Often, returning servicemen from Vietnam were brought home on flights that landed at night, avoiding both confrontations or accolades at the airport. Many veterans did receive a parade if they rotated back to Australia with their battalion. But the Australian government would not give it's Vietnam Veterans an official parade until 1987, fifteen years after the end of the war. The parade was held in Sydney. 25,000 Vietnam Veterans marched in that parade before several hundred thousand onlookers who had come to honor these men, finally.

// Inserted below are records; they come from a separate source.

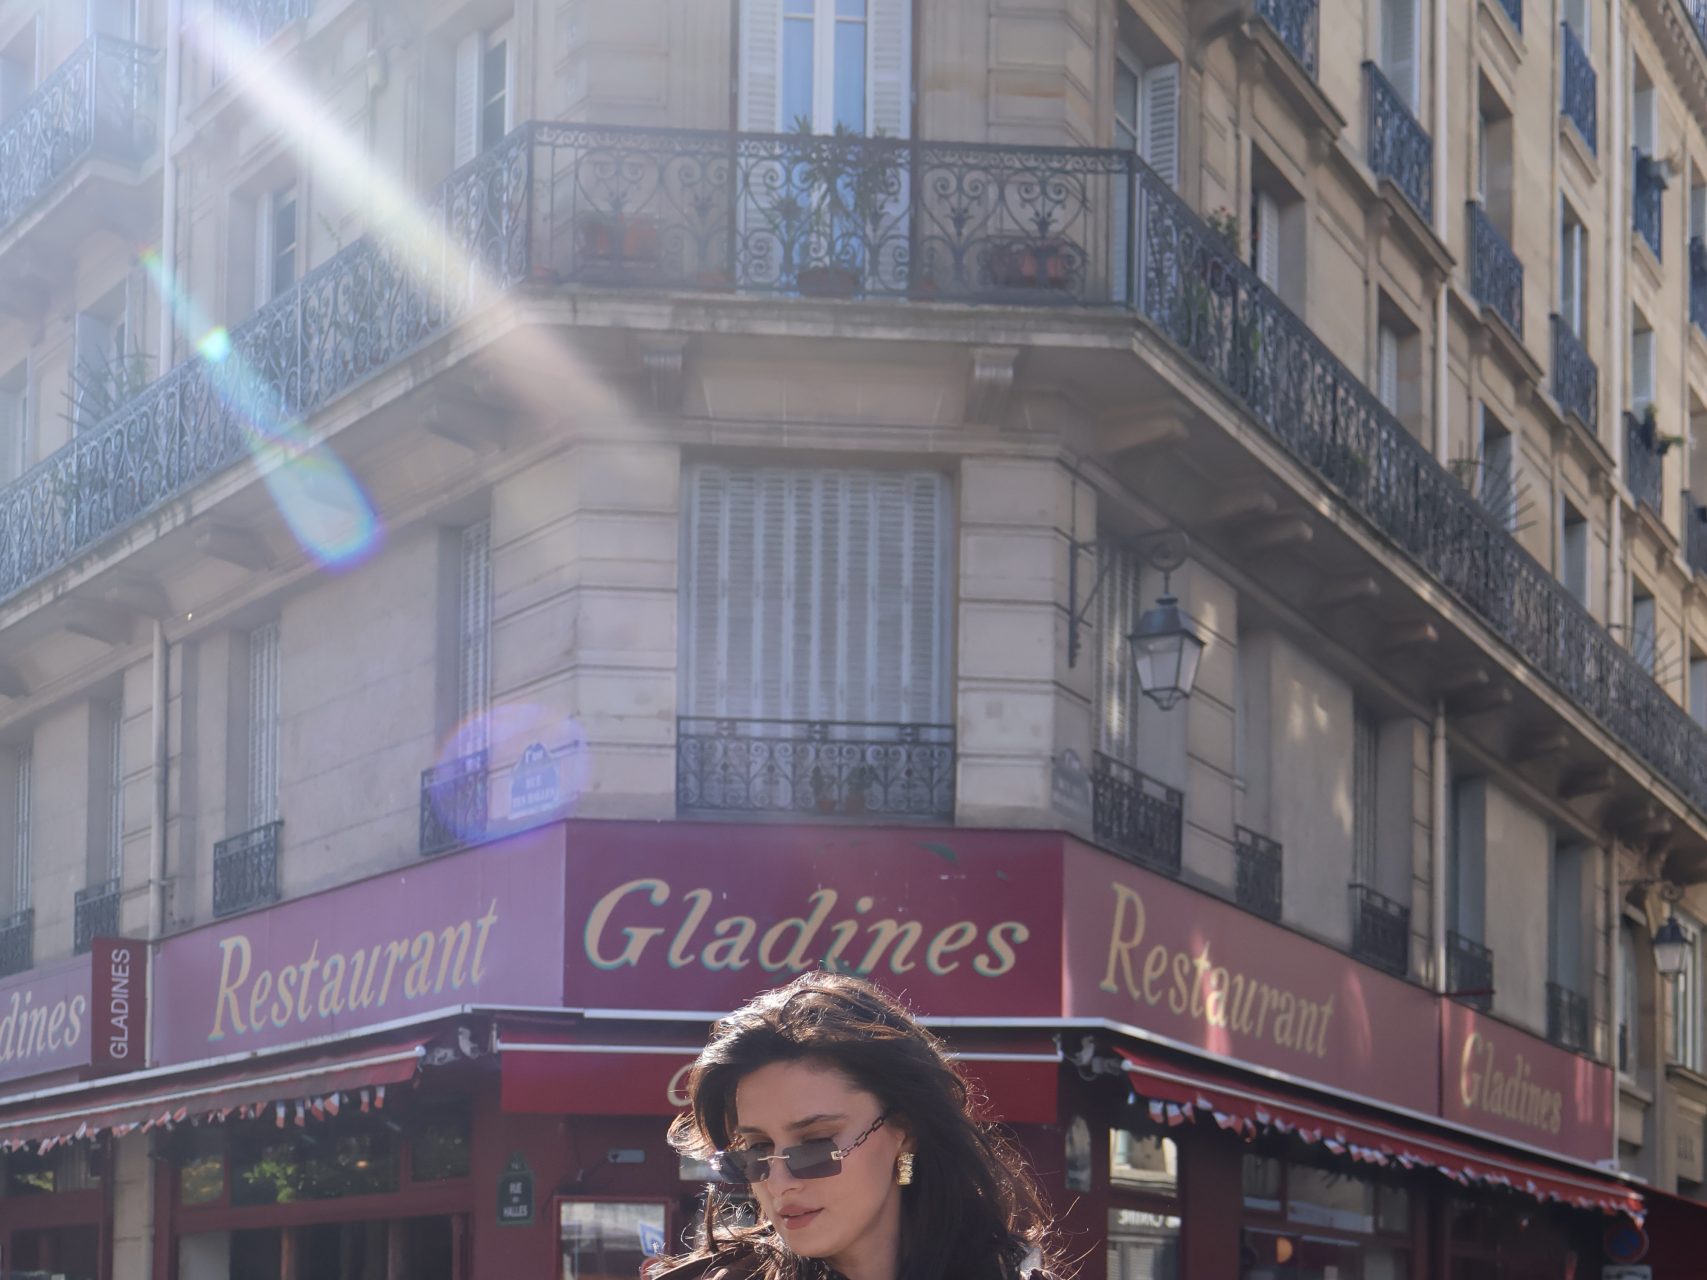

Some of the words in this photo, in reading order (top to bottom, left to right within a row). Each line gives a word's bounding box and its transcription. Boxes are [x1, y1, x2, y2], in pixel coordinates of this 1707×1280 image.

[207, 898, 498, 1042] Restaurant
[584, 878, 1029, 977] Gladines
[1100, 882, 1334, 1058] Restaurant
[109, 948, 131, 1060] GLADINES
[1461, 1032, 1562, 1136] Gladines

Australian Vietnam veterans have had to struggle with negative stereotypes from the American Vietnam experience. Many a returning veteran heard the words, "babykiller", "murderer", "rapist", "My Lai" hurled at him. But, the Australian soldier didn't participate in some of the more gruesome and illicit behavior that his American counterparts had. The Australian Infantry were usually involved in smaller unit actions using counter insurgency tactics. Drug addiction, malingering and racial tensions were essentially non-existent in the Aussie units. The Australian units that served in Vietnam, from this author's perspective, did their job and did it well.
521 Australians lost their lives in Vietnam. Three are still missing in action. There were seven civilian deaths. 2,069 Australians were wounded.
Vietnam Veterans Day is celebrated on Sunday, August 16, 2009. Please take some time Sunday to honor these men who served honorably and valiantly in Vietnam, Thank You.